Please repeat each line below exactly, with no images in the copy.

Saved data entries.
________________

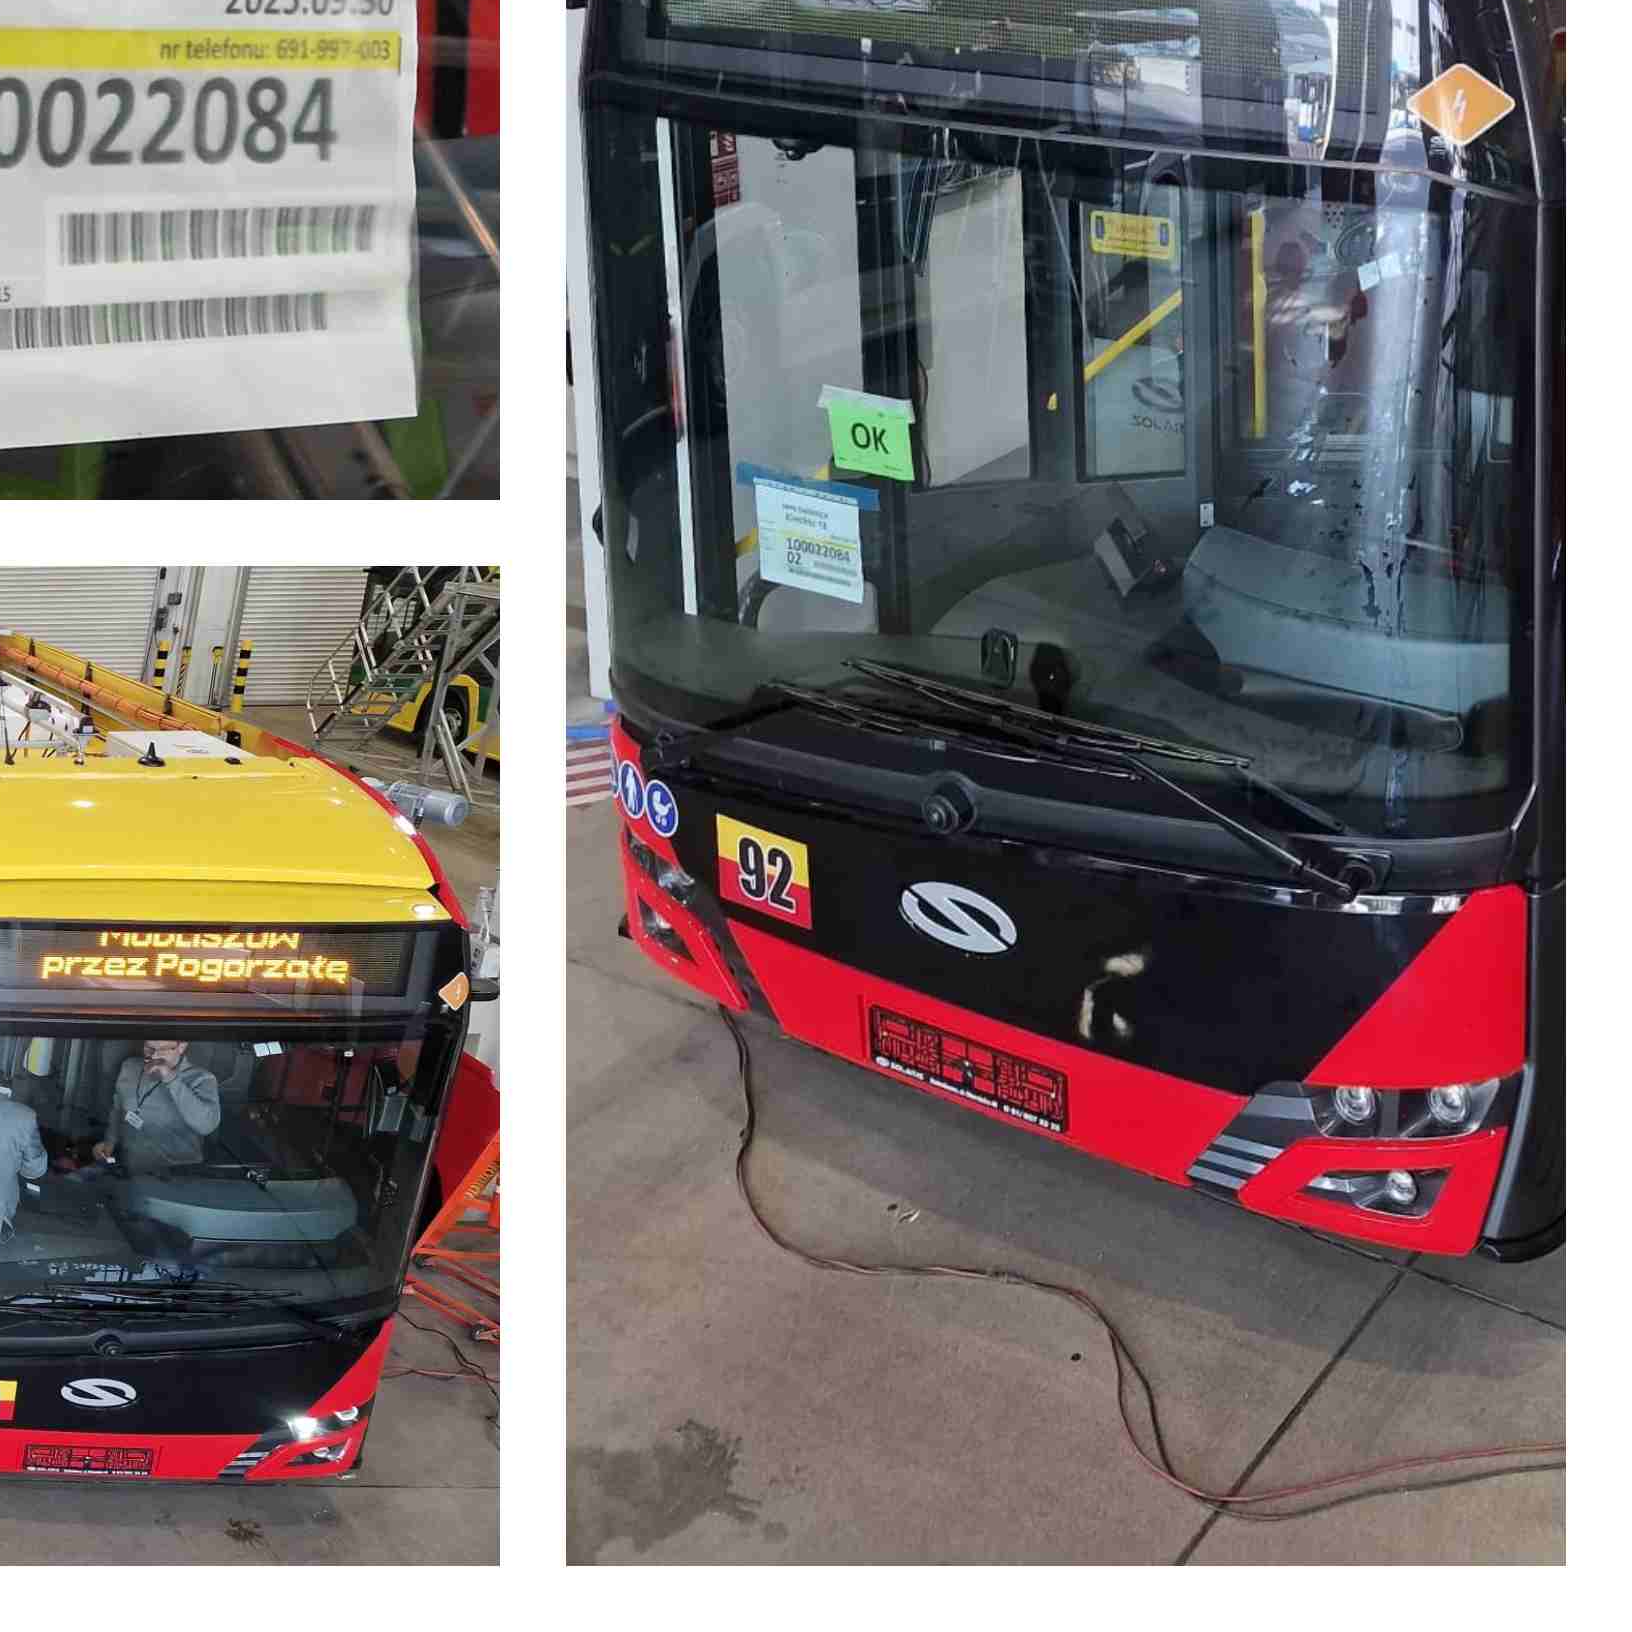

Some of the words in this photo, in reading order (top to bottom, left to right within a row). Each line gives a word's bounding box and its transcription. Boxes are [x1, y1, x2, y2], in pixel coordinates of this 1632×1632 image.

[160, 42, 179, 60] nr
[851, 422, 889, 455] OK
[737, 834, 797, 914] 92
[40, 953, 147, 980] przez
[154, 951, 350, 985] Pogorzałę
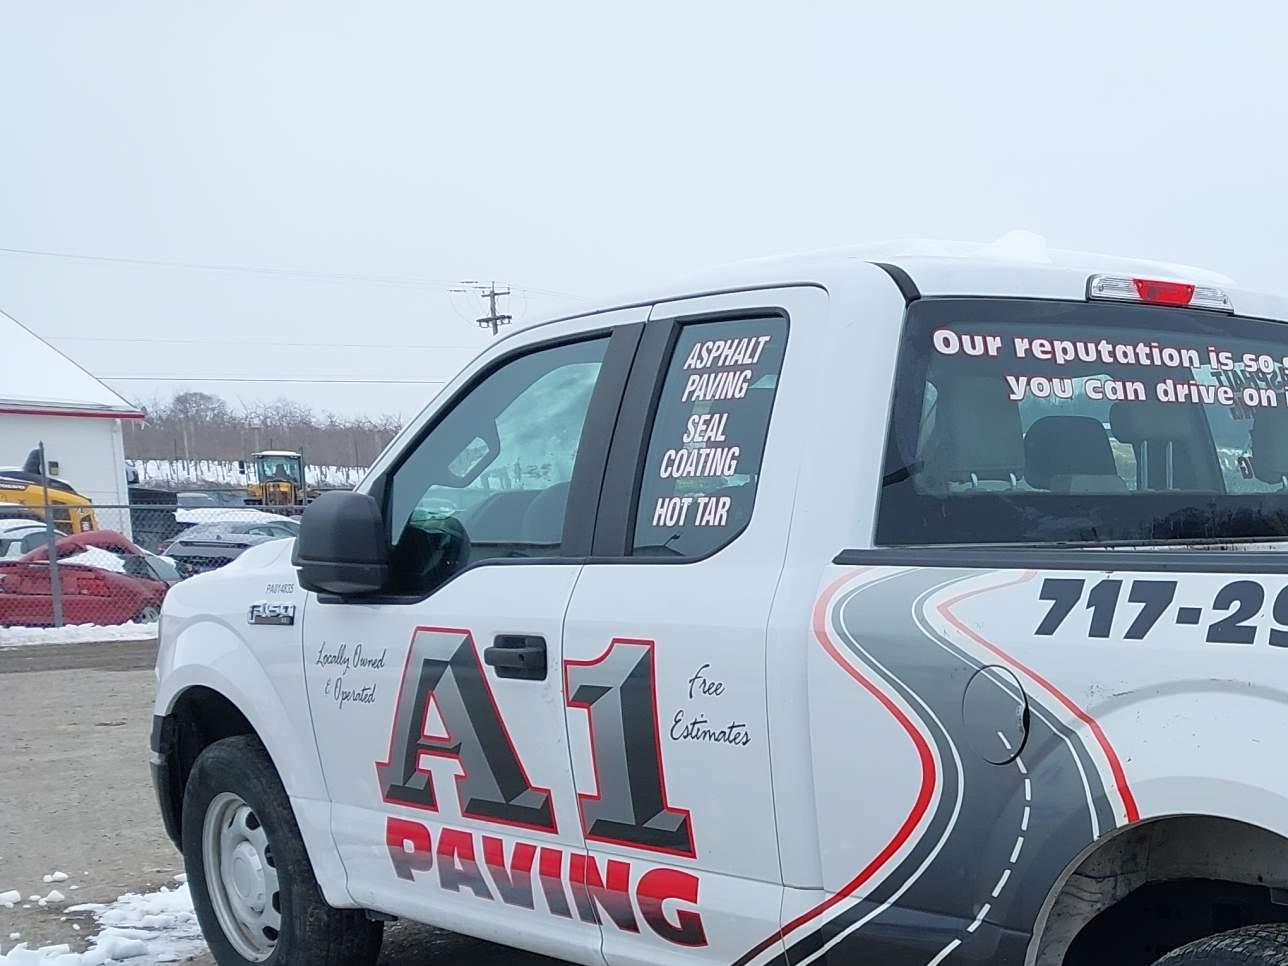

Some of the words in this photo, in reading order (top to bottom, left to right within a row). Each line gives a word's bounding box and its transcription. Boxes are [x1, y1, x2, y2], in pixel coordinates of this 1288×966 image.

[683, 336, 770, 370] ASPHALT
[933, 329, 1002, 356] Our
[1014, 337, 1200, 368] reputation
[1208, 346, 1234, 371] is
[1243, 354, 1274, 373] so
[682, 369, 752, 402] PAVING
[1006, 375, 1073, 400] you
[1085, 378, 1146, 401] can
[1156, 379, 1234, 405] drive
[1243, 387, 1277, 407] on
[683, 412, 728, 443] SEAL
[660, 446, 740, 478] COATING
[652, 497, 692, 527] HOT
[695, 496, 731, 527] TAR
[316, 641, 350, 676] Locally
[352, 643, 387, 670] Owned
[334, 677, 377, 710] Operated
[688, 663, 726, 699] Free
[375, 626, 697, 860] A1
[670, 709, 751, 746] Estimates
[385, 815, 710, 948] PAVING
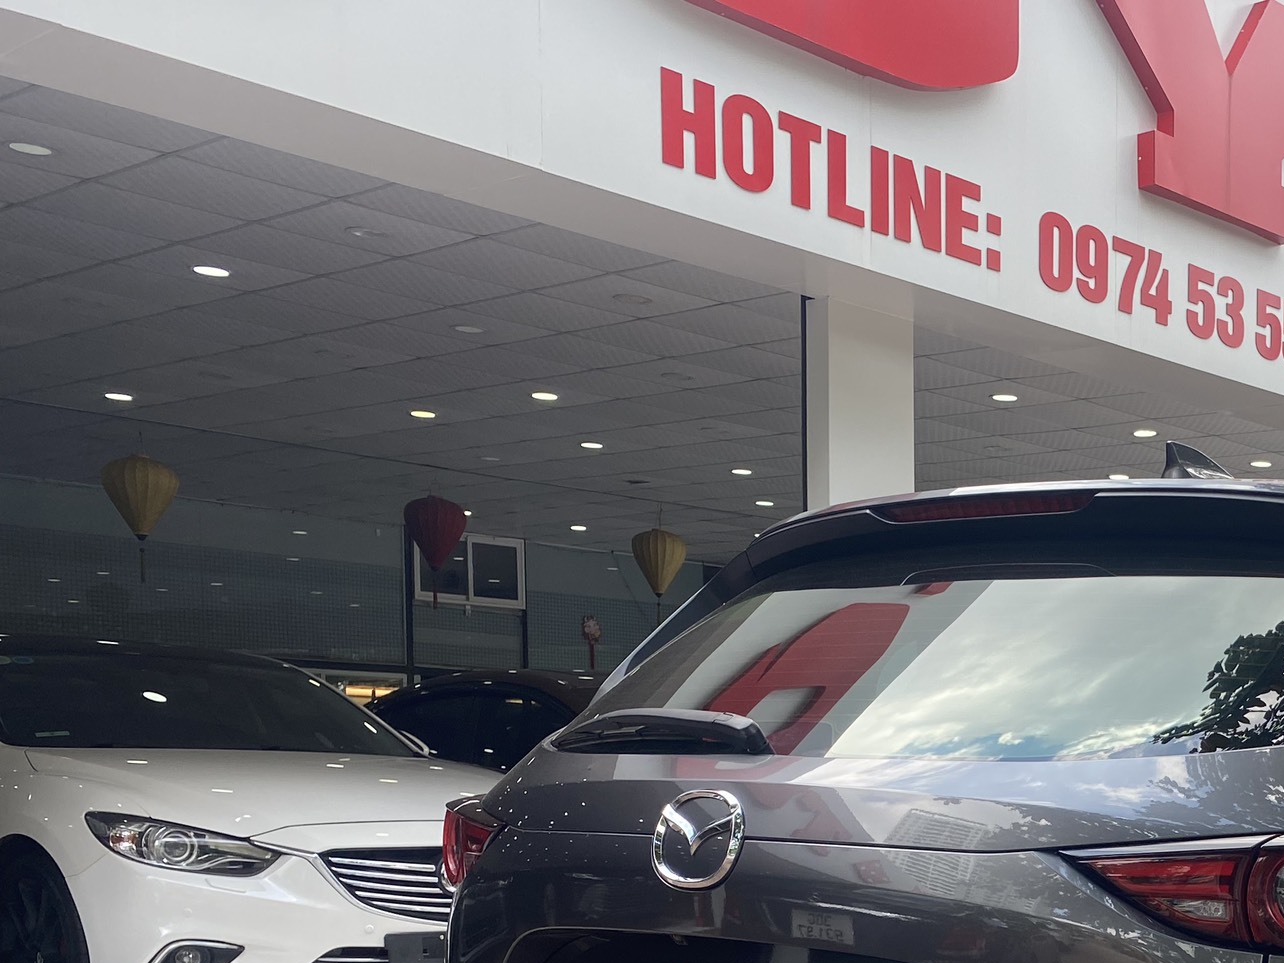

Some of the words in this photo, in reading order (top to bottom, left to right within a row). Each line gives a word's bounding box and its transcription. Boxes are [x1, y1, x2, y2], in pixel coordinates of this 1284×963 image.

[660, 66, 1001, 272] HOTLINE:
[1038, 211, 1173, 327] 0974
[1187, 263, 1245, 349] 53
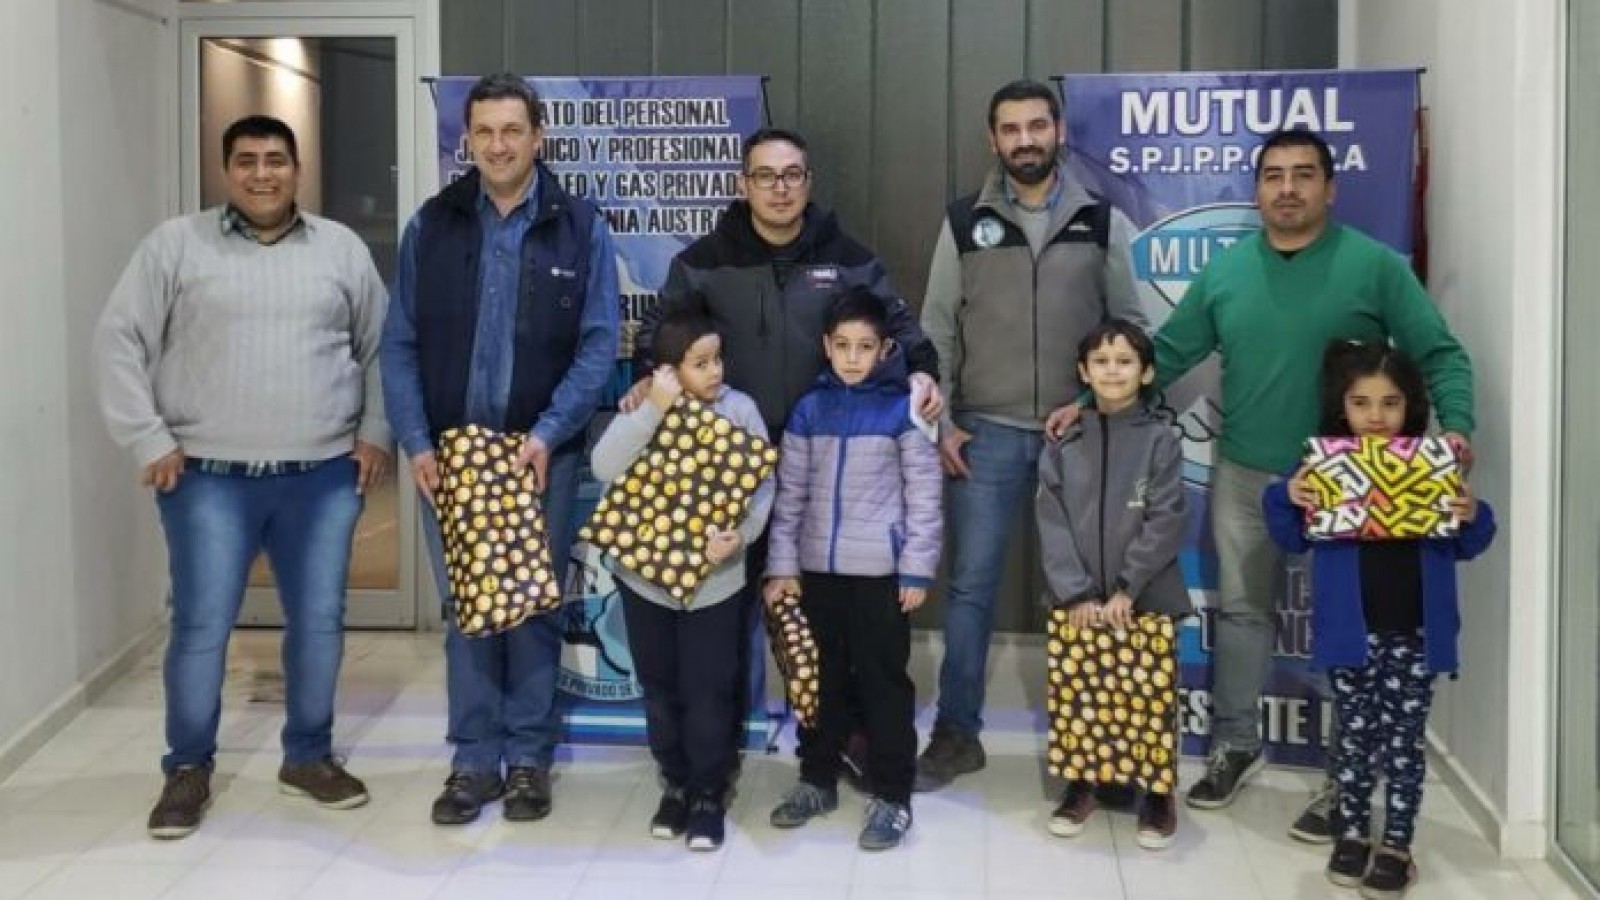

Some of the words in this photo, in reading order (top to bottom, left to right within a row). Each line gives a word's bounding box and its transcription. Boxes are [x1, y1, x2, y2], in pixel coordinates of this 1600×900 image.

________________

SOLUTION TO THIS EXERCISE.
Some of the words in this photo, in reading order (top to bottom, left to right within a row). Each line gives a word's bounding box and its transcription. Boxes are [x1, y1, x2, y2], in pixel coordinates of this 1632×1632 image.

[160, 42, 179, 60] nr
[851, 422, 889, 455] OK
[737, 834, 797, 914] 92
[40, 953, 147, 980] przez
[154, 951, 350, 985] Pogorzałę

Some of the words in this photo, in reading order (top to bottom, left to right within a row). Each line gives a word's bounding box and its transcription. Boxes are [x1, y1, x2, y2], in pixel coordinates of this 1288×966 image.

[683, 336, 770, 370] ASPHALT
[933, 329, 1002, 356] Our
[1014, 337, 1200, 368] reputation
[1208, 346, 1234, 371] is
[1243, 354, 1274, 373] so
[682, 369, 752, 402] PAVING
[1006, 375, 1073, 400] you
[1085, 378, 1146, 401] can
[1156, 379, 1234, 405] drive
[1243, 387, 1277, 407] on
[683, 412, 728, 443] SEAL
[660, 446, 740, 478] COATING
[652, 497, 692, 527] HOT
[695, 496, 731, 527] TAR
[316, 641, 350, 676] Locally
[352, 643, 387, 670] Owned
[334, 677, 377, 710] Operated
[688, 663, 726, 699] Free
[375, 626, 697, 860] A1
[670, 709, 751, 746] Estimates
[385, 815, 710, 948] PAVING

Some of the words in this photo, in reading order (top to bottom, left to right within a row). Each line gives a word's bounding box and its transcription. Boxes are [x1, y1, x2, y2], in pixel coordinates of this 1284×963 image.

[660, 66, 1001, 272] HOTLINE:
[1038, 211, 1173, 327] 0974
[1187, 263, 1245, 349] 53

Some of the words in this photo, in reading order (top to bottom, left to right within a row). Each line gives a word's bounding box and its transcription. Boxes are [x1, y1, x2, y2], in pixel coordinates of this 1600×900 image.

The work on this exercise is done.